What would be the feasibility of making a containerized fertilizer plant for organic/low-impact farms? How much fixed N could a few hundred watts provide?

Typical application of fertilizer is 100-200lbs of nitrogen per acre. See the Iowa State Nitrogen Fertilizer application calculator for variances. So to produce 150lbs of N over the course of 250 days at 6 hours per day (solar panel based), you would need a 4KW solar system. That’s a little much.

Alternatively, the solar system could just be supplemental. Although this does degrade the “zero-emission/carbon-neutral fertilizer” concept. Running the system continuously from grid power would only require 700W. That is completely reasonable. Currently, the price of nitrogen is about $60 per acre at the 150lb/acre application rate. The price to run such a system would be around $700 without supplemental energy. Obviously this isn’t feasible.
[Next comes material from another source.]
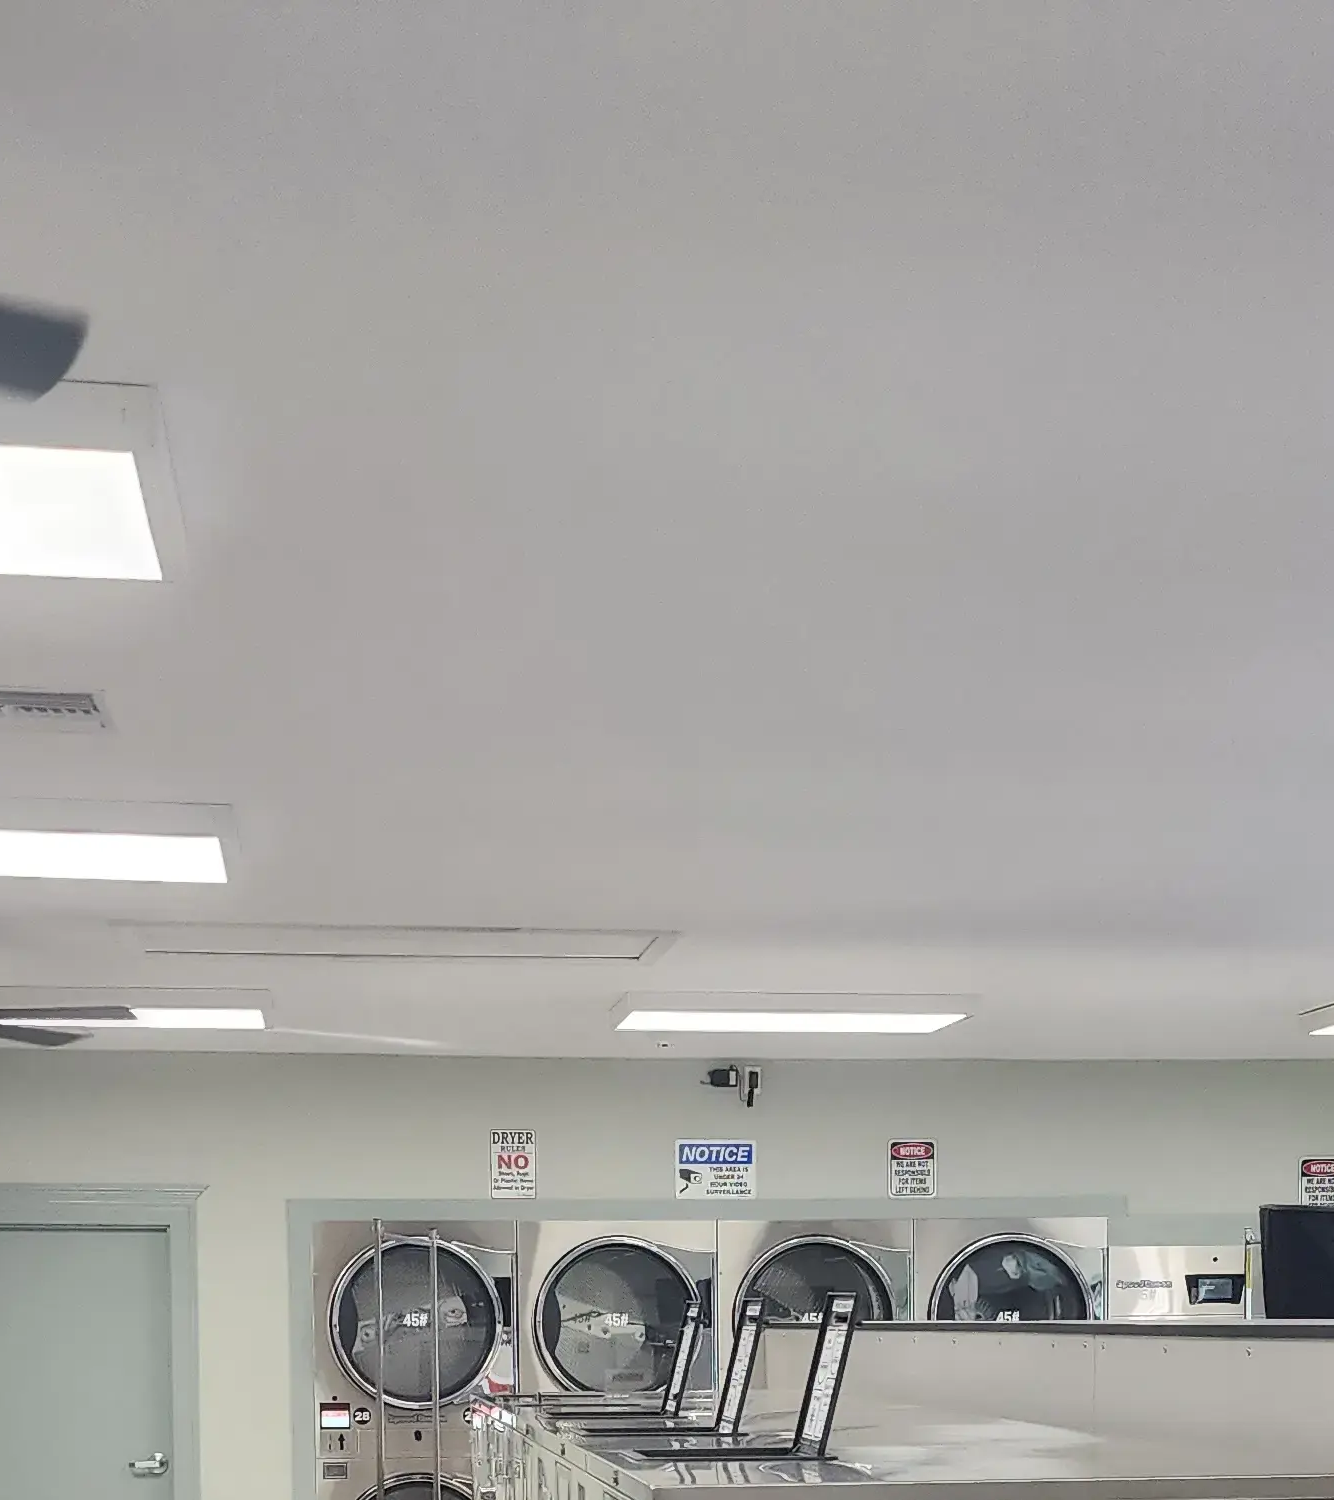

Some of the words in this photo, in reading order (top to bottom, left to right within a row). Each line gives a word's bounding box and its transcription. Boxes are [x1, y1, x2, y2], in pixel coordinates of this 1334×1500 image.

Solar panels are $2-3 per watt installed. So a 4KW system would cost around $10,000. It would take up about 25 square meters, which is only 0.6% of an acre.

Started second run of direct-discharge plasma system. This time with secondary and tertiary absorption systems. The same 3-neck RBF filled with 50ml deionized water and vigreux reflux condenser are used. The output of the vigreux column is directed to a graham condenser cooled with ice water. A vacuum take off adapter is used to collect the condensate. The gaseous output of that is led into a 1L bubbler filled with 200ml deionized water and then to 25ml of 3% hydrogen peroxide. Ozone is also piped in separately above the graham condenser. A temperature probe is located above the reflux condenser. A small computer fan is used to cool the electronics. All electrical inputs are run through a Kill-a-Watt energy meter.

The arc seems stable at 150W (less the energy required to run the ancillary electronics). Anything more and it tends to go out every few minutes. I adjusted the air flow rate to a minimum: a few bubbles per second at the last absorber. If this run achieves better efficiency, I will do another, more quantative, run. One for a proper material energy balance. Measure the gas throughput, temperature differentials, etc.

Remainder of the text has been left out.